15 Settembre 2015

Co.co.co.: che ne sarà di loro?

di Roberto Lucarini

Difficile che, nel nostro ordinamento, taluni contratti atipici trovino quella tanto sospirata pace. Il nostro Legislatore – quand’anche la notevole giurisprudenza – rivisita in continuazione le regole del gioco, in una sorta di ripensamento continuo.

Le collaborazioni, coordinate e continuative, in linea generale, sono transitate per l’occorrenza di un progetto (Legge Biagi), a una rivisitazione qualitativa dello stesso (Riforma Monti-Fornero), fino a ritornare adesso, verso il loro passato, almeno temporaneamente (Codice dei contratti).

Lavoro a progetto che per ora svanisce, andando quindi a riscoprire le limitate regole civilistiche; ma solo fino al termine del 2015. Con l’anno successivo è infatti in agguato la c.d. etero-organizzazione. Ecco servito un nuovo concetto, tutto da scoprire, in attesa che il Ministero del Lavoro faccia sentire la propria voce. Un momento delicato, quindi, per chi volesse stipulare un contratto del genere. Col 2016, infatti, il rischio di vedersi applicare “la disciplina del rapporto di lavoro subordinato” fa paura.

E poi: cosa si intende col fatto che si applicherà tale disciplina? Vi potranno essere risvolti retributivi; ma anche normativi, si pensi, quali esempi, alla disciplina di ferie, permessi, riposi, etc.. Per non parlare di quelli contributivi, con possibilità di traslazione dalla gestione separata a quella dei lavoratori dipendenti. Si aprono, insomma, molti interrogativi pratici, forieri di incertezze.

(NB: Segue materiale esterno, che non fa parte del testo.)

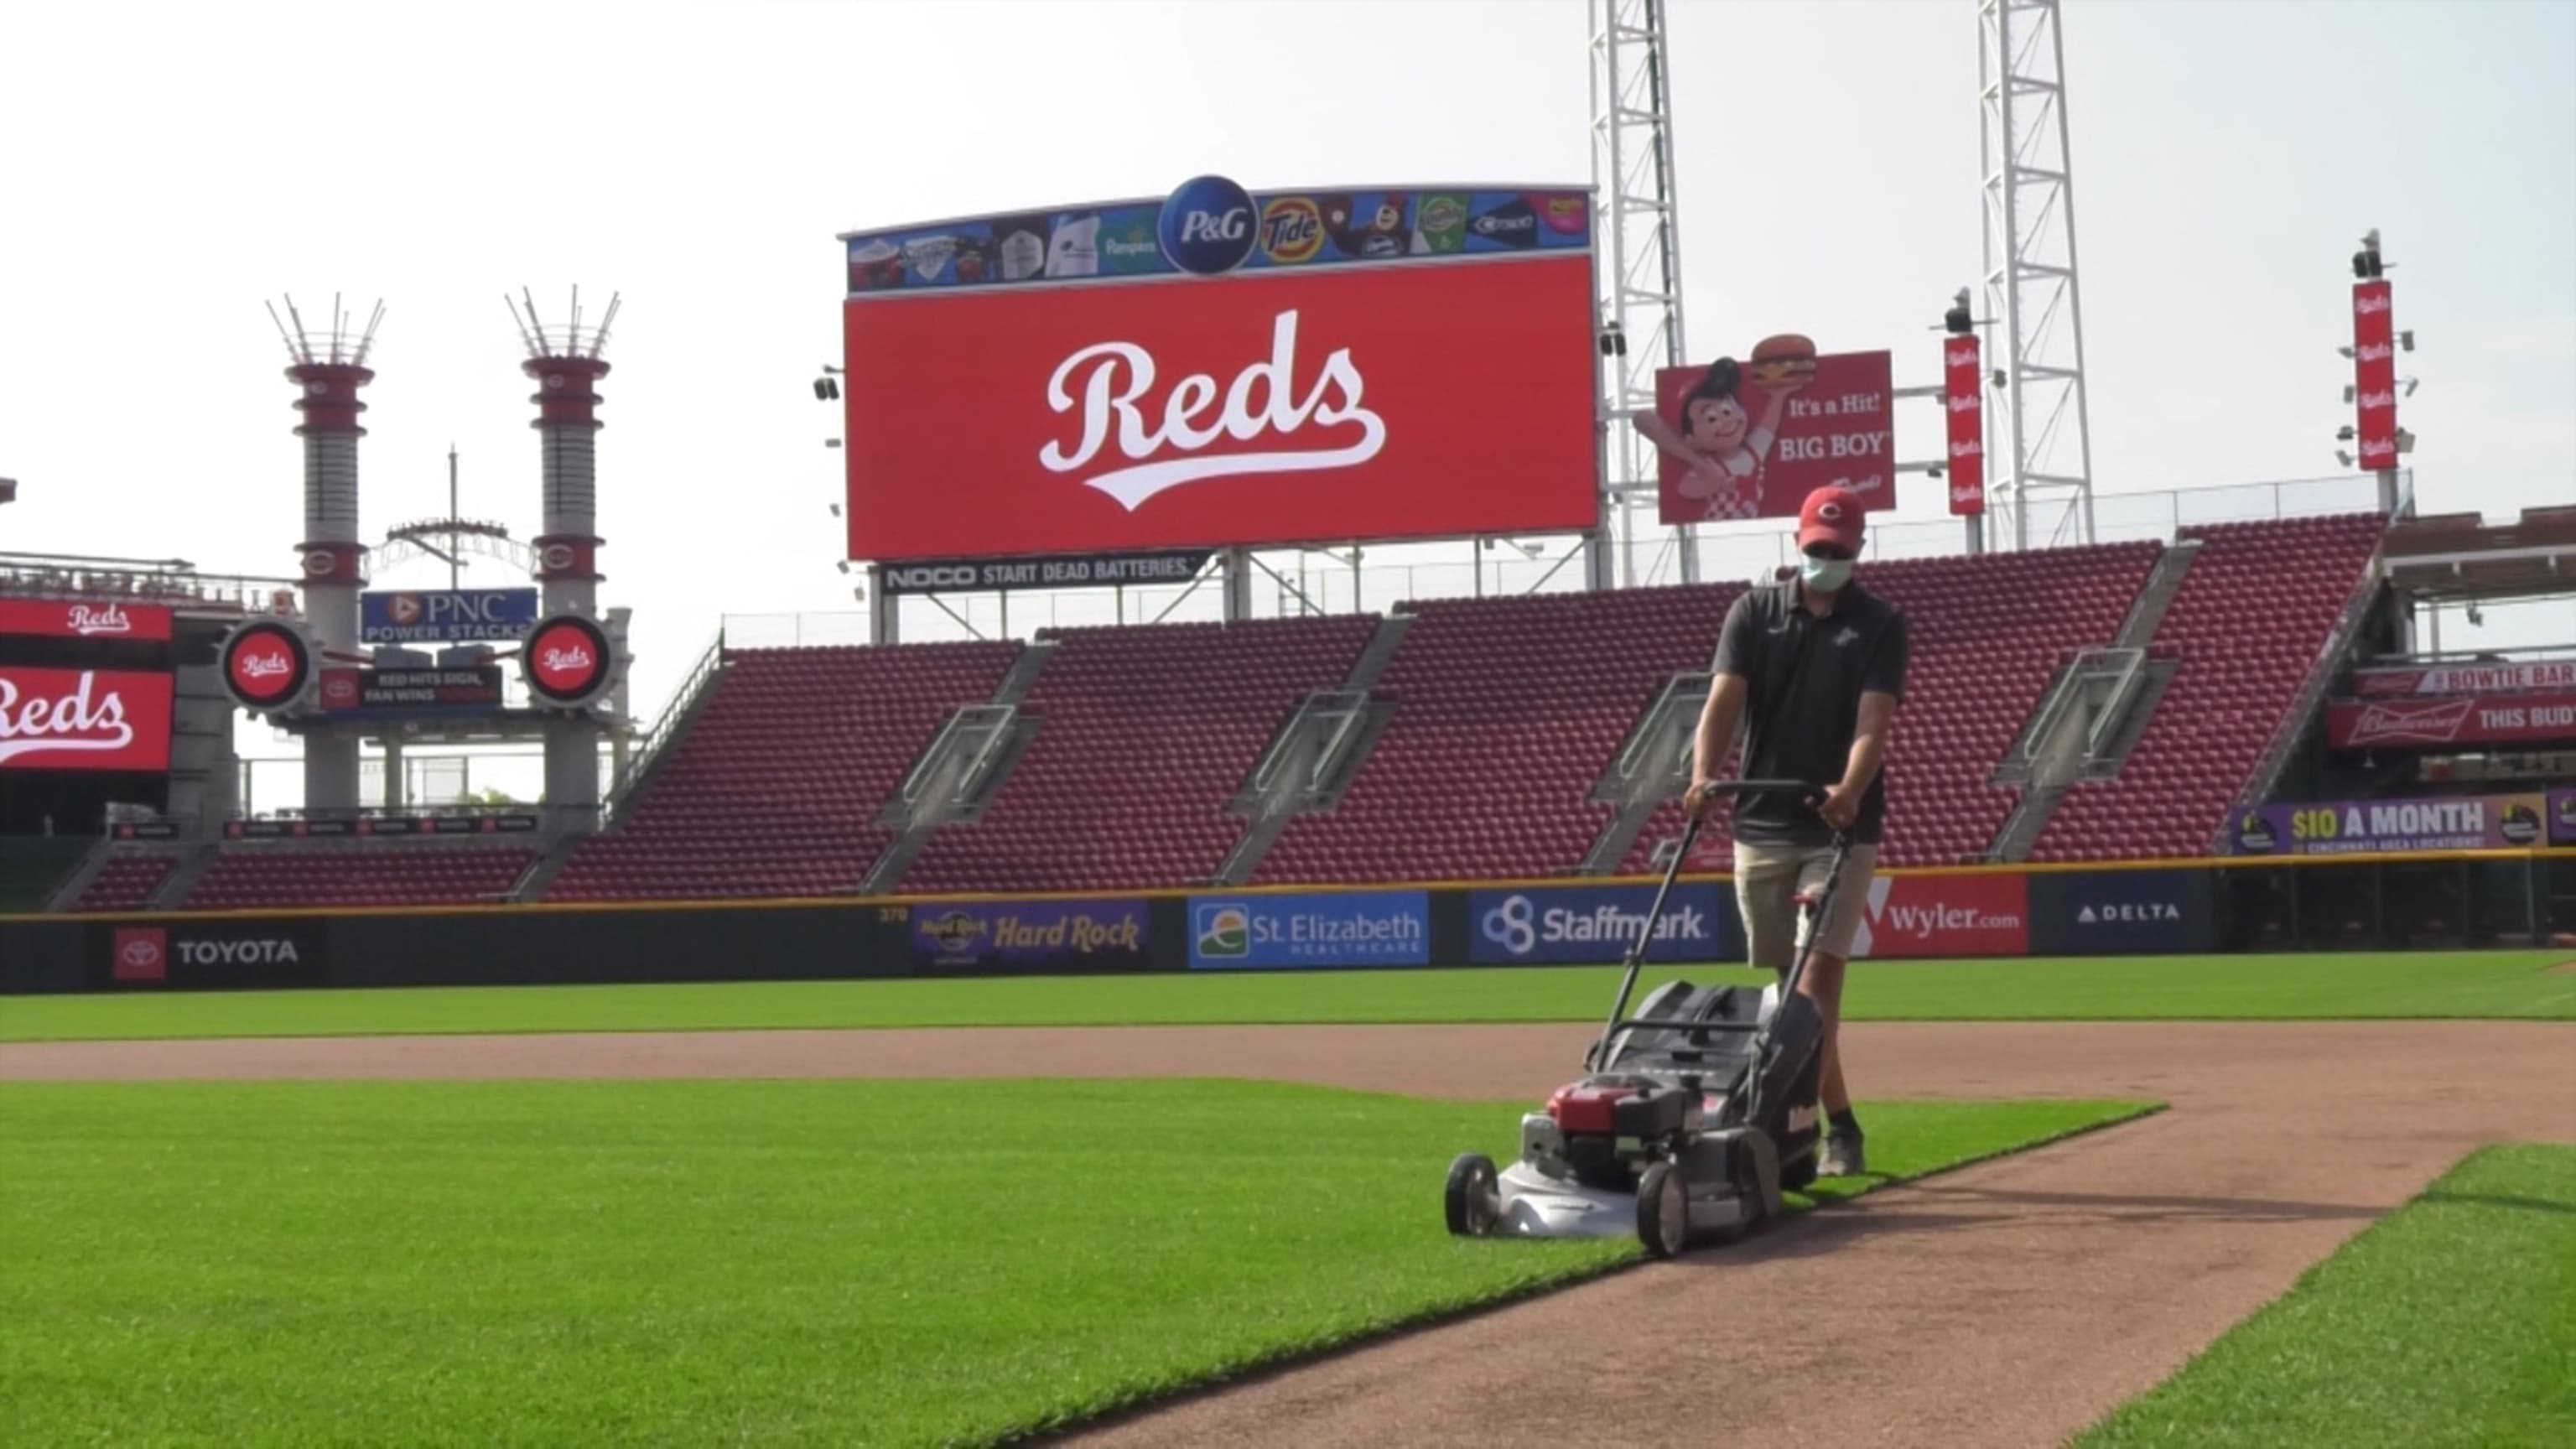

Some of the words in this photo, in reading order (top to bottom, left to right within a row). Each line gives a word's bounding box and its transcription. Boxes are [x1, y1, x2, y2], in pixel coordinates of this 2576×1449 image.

E che dire della definizione normativa? Si parla di “prestazione personale e continuativa”, facendo in questo modo spazio a quasi tutte le casistiche collaborative. Poi si aggiunge: laddove le “modalità di esecuzione sono organizzate dal committente anche con riferimento ai tempi e al luogo di lavoro”. Come uscire da tale specifica? La modalità pratica e attuativa della collaborazione sarà determinante, come del resto lo è sempre stata, sia pur in modo diverso. Lo spazio aperto, infatti, appare notevole, in considerazione che quell’“anche”, introdotto nel testo, può far pensare a differenti criteri, oltre i tempi e il luogo, che possano generare criticità.

Tolte le disapplicazioni ex lege (professionisti, componenti organi societari, etc.), resterebbe l’arma della certificazione del contratto. Personalmente quest’ultimo aspetto non mi ha ancora sufficientemente convinto. Certifichiamo pure la nostra collaborazione, sotto il profilo formale; ma che ne sarà poi di quel rapporto se, nello svolgimento concreto dell’opera, si evidenziasse quell’etero-organizzazione ora al centro della questione?

È stato detto che il Legislatore non ha avuto il coraggio di eliminare del tutto le collaborazioni; forse non avrebbe potuto giungere a tanto. Di sicuro, tuttavia, il loro forte ridimensionamento non credo che possa essere negato, vista la nuova disciplina che ci aspetta nell’ormai non lontano 2016.